=== Dataset entries ===
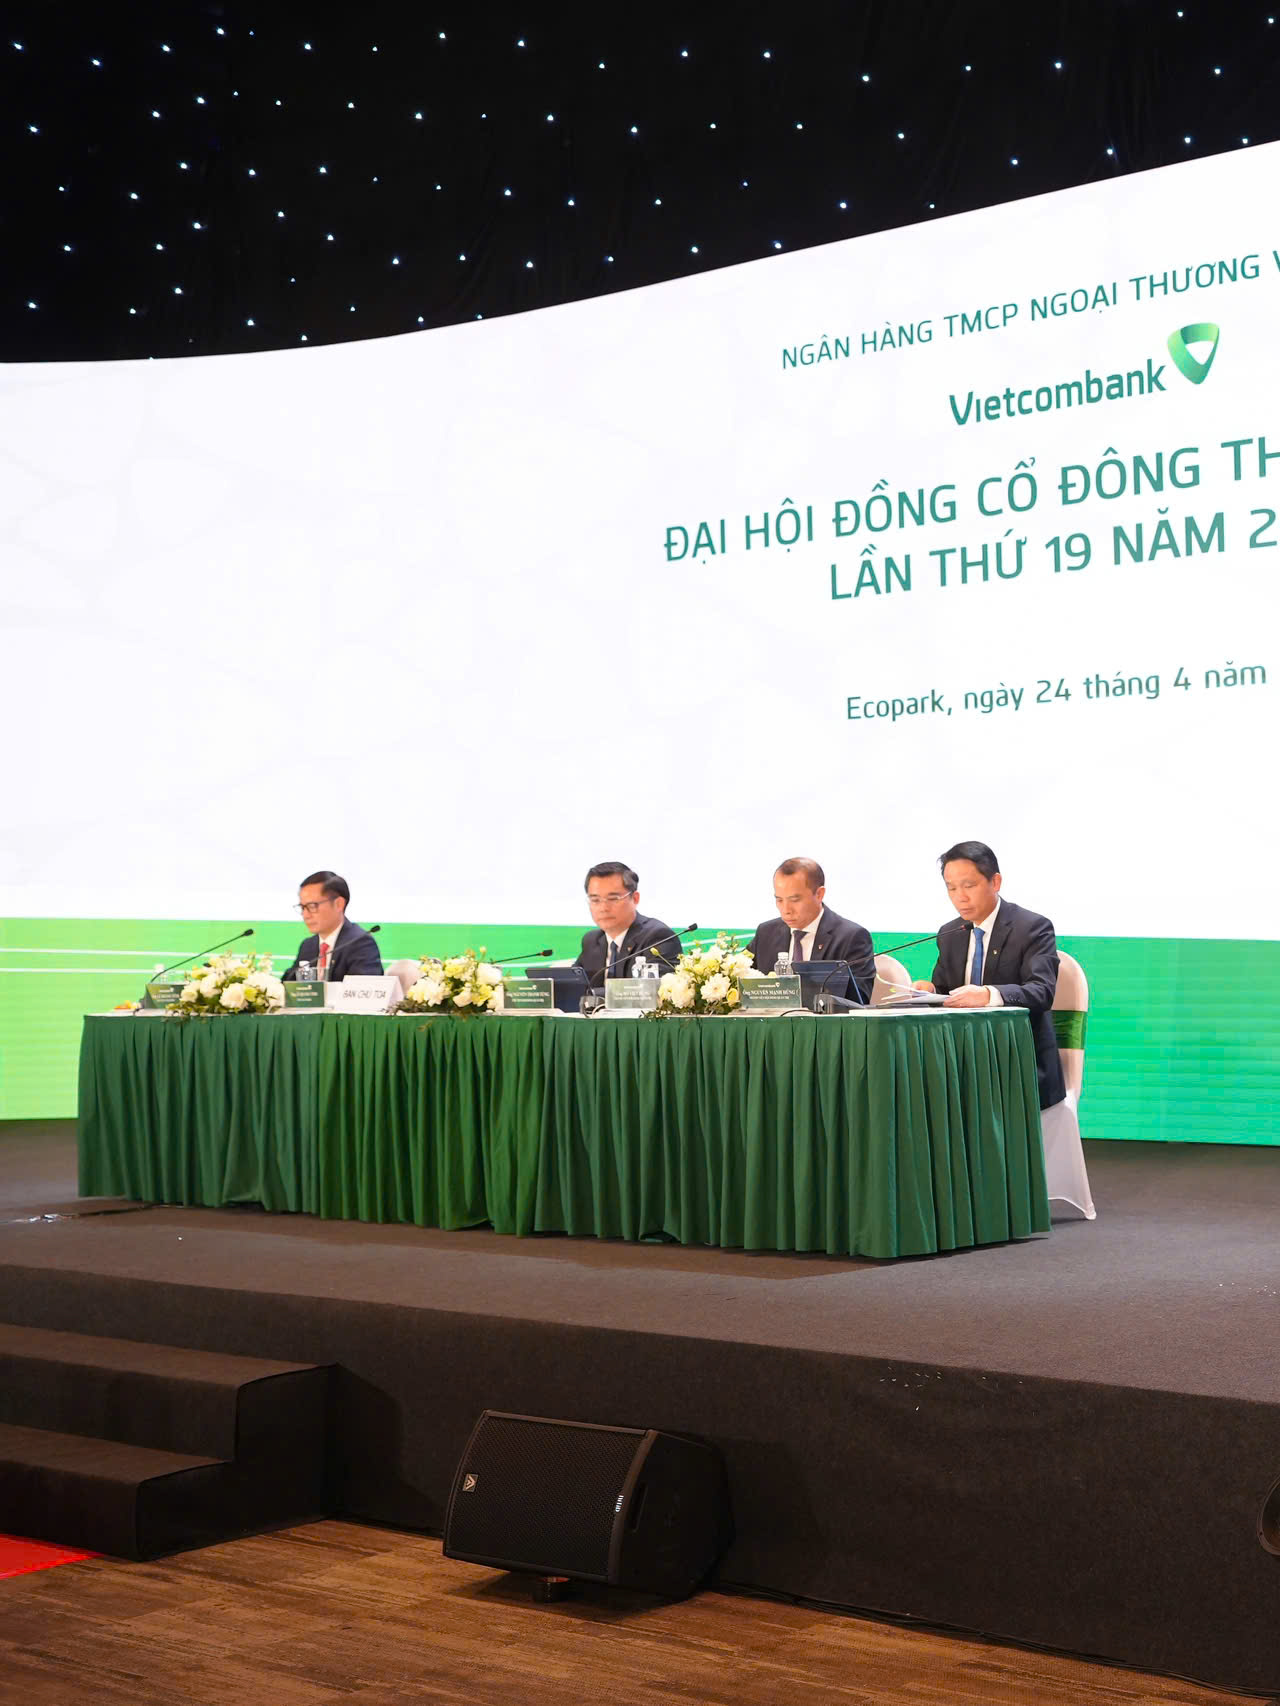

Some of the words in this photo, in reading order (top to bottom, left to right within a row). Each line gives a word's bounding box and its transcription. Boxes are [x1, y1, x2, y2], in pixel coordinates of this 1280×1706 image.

[783, 335, 850, 368] NGÂN
[862, 320, 932, 358] HÀNG
[944, 304, 1018, 336] TMCP
[1032, 282, 1117, 320] NGOẠI
[1129, 254, 1260, 301] THƯƠNG
[949, 358, 1167, 425] Vietcombank
[664, 520, 727, 565] ĐẠI
[745, 497, 814, 553] HỘI
[832, 480, 957, 537] ĐỒNG
[978, 457, 1037, 516] CỔ
[1058, 447, 1200, 507] ĐÔNG
[831, 544, 912, 600] LẦN
[929, 528, 1028, 588] THỨ
[1045, 533, 1092, 574] 19
[1113, 507, 1226, 566] NĂM
[847, 689, 953, 721] Ecopark,
[964, 682, 1025, 714] ngày
[1035, 678, 1072, 704] 24
[1083, 671, 1161, 701] tháng
[1174, 668, 1192, 691] 4
[1204, 660, 1267, 688] năm
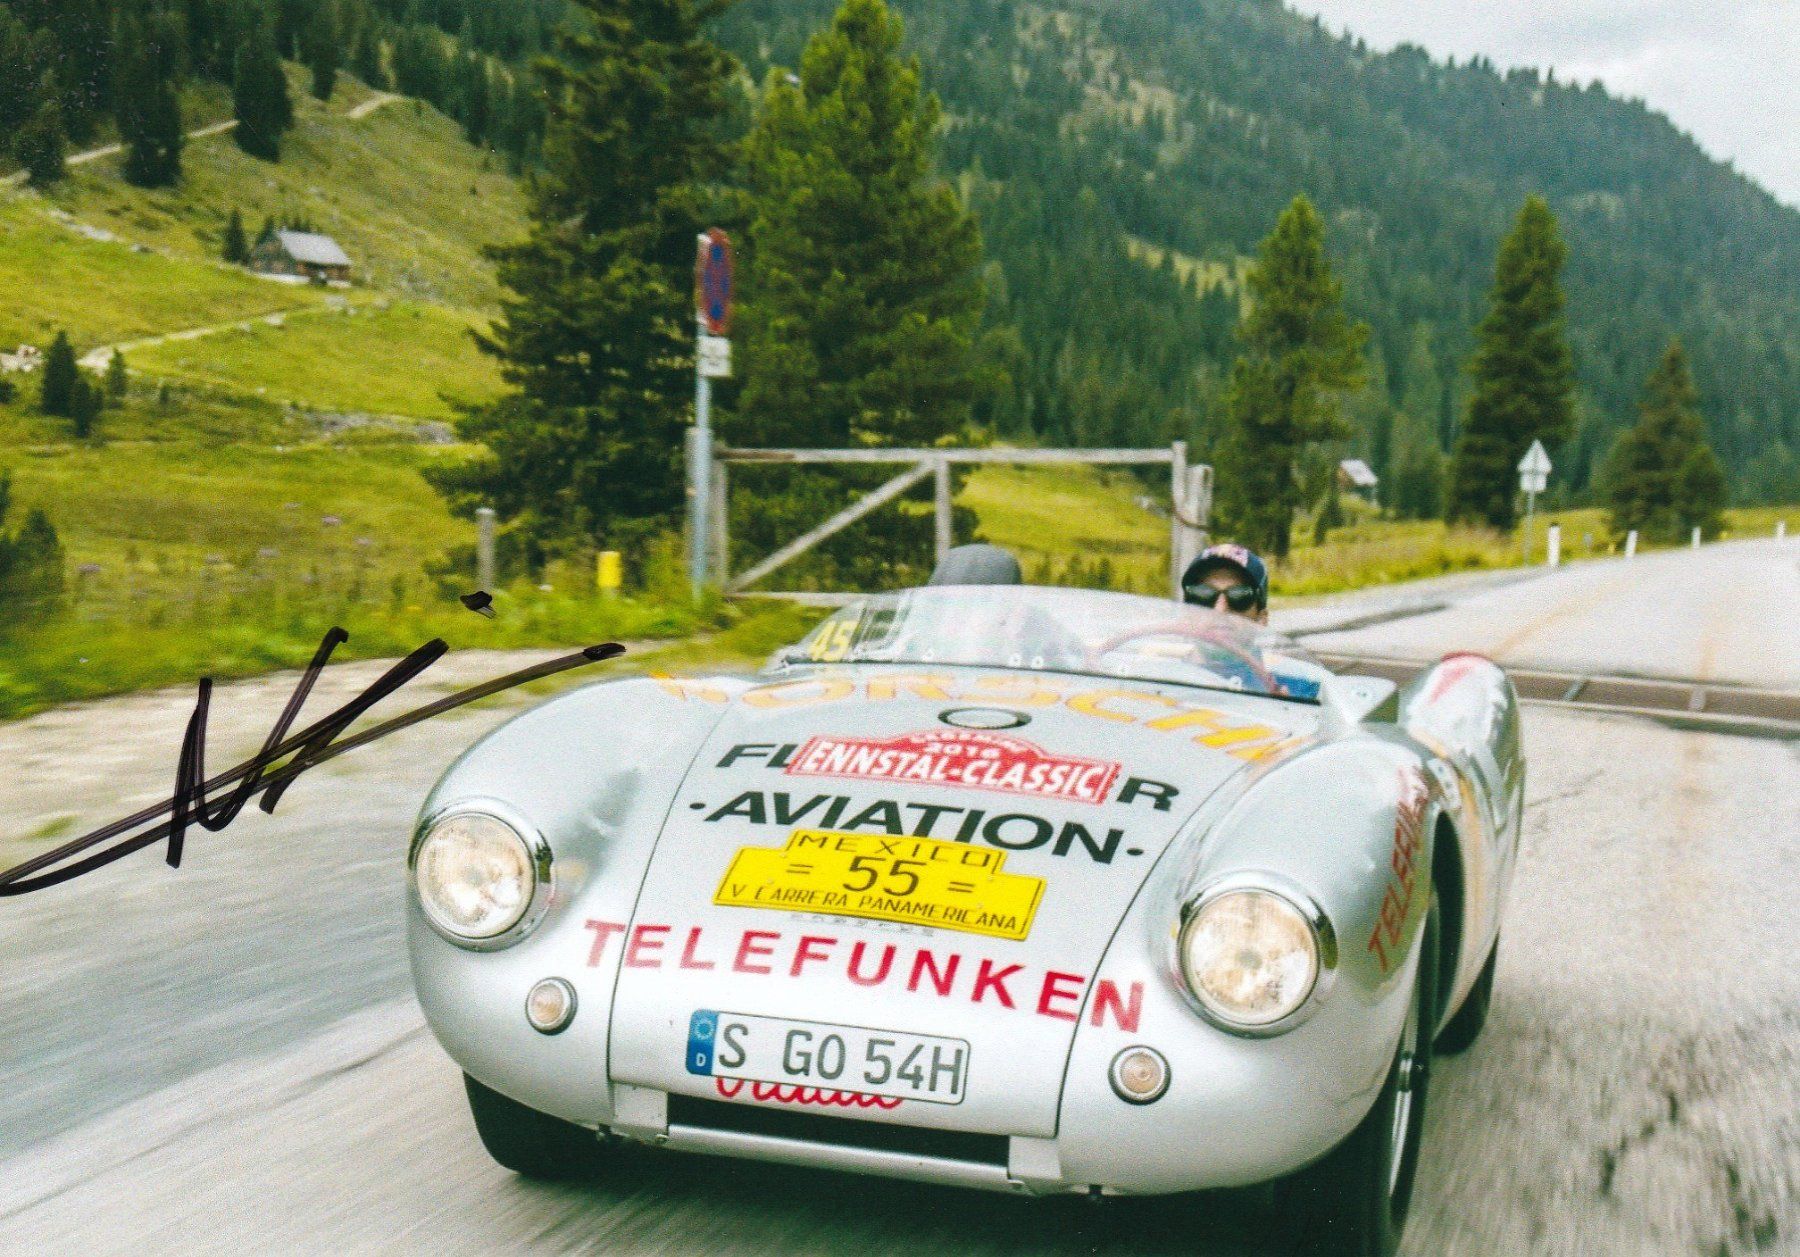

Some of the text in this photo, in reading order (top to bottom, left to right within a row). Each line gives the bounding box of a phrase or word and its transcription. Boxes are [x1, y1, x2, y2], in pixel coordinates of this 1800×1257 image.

[808, 619, 860, 661] 45
[804, 741, 1104, 799] ENNSTAL-CLASSIC
[797, 834, 992, 868] MEXICO
[842, 855, 927, 897] 55
[731, 883, 747, 899] V
[754, 885, 848, 908] CARRERA
[859, 894, 1018, 931] PANAMERICANA
[584, 919, 1145, 1034] TELEFUNKEN
[695, 1052, 707, 1067] D
[718, 1023, 749, 1069] S
[782, 1029, 847, 1081] GO
[863, 1038, 966, 1096] 54H

=== Work order ===
Would it be possible to give the material above again exactly, with the pictures left out?

=== Your response ===
Some of the words in this photo, in reading order (top to bottom, left to right within a row). Each line gives a word's bounding box and its transcription. Boxes are [x1, y1, x2, y2], in pixel coordinates of this 1280×1706 image.

[783, 335, 850, 368] NGÂN
[862, 320, 932, 358] HÀNG
[944, 304, 1018, 336] TMCP
[1032, 282, 1117, 320] NGOẠI
[1129, 254, 1260, 301] THƯƠNG
[949, 358, 1167, 425] Vietcombank
[664, 520, 727, 565] ĐẠI
[745, 497, 814, 553] HỘI
[832, 480, 957, 537] ĐỒNG
[978, 457, 1037, 516] CỔ
[1058, 447, 1200, 507] ĐÔNG
[831, 544, 912, 600] LẦN
[929, 528, 1028, 588] THỨ
[1045, 533, 1092, 574] 19
[1113, 507, 1226, 566] NĂM
[847, 689, 953, 721] Ecopark,
[964, 682, 1025, 714] ngày
[1035, 678, 1072, 704] 24
[1083, 671, 1161, 701] tháng
[1174, 668, 1192, 691] 4
[1204, 660, 1267, 688] năm

Some of the text in this photo, in reading order (top to bottom, left to right within a row). Each line gives the bounding box of a phrase or word and its transcription. Boxes are [x1, y1, x2, y2], in pixel coordinates of this 1800×1257 image.

[808, 619, 860, 661] 45
[804, 741, 1104, 799] ENNSTAL-CLASSIC
[797, 834, 992, 868] MEXICO
[842, 855, 927, 897] 55
[731, 883, 747, 899] V
[754, 885, 848, 908] CARRERA
[859, 894, 1018, 931] PANAMERICANA
[584, 919, 1145, 1034] TELEFUNKEN
[695, 1052, 707, 1067] D
[718, 1023, 749, 1069] S
[782, 1029, 847, 1081] GO
[863, 1038, 966, 1096] 54H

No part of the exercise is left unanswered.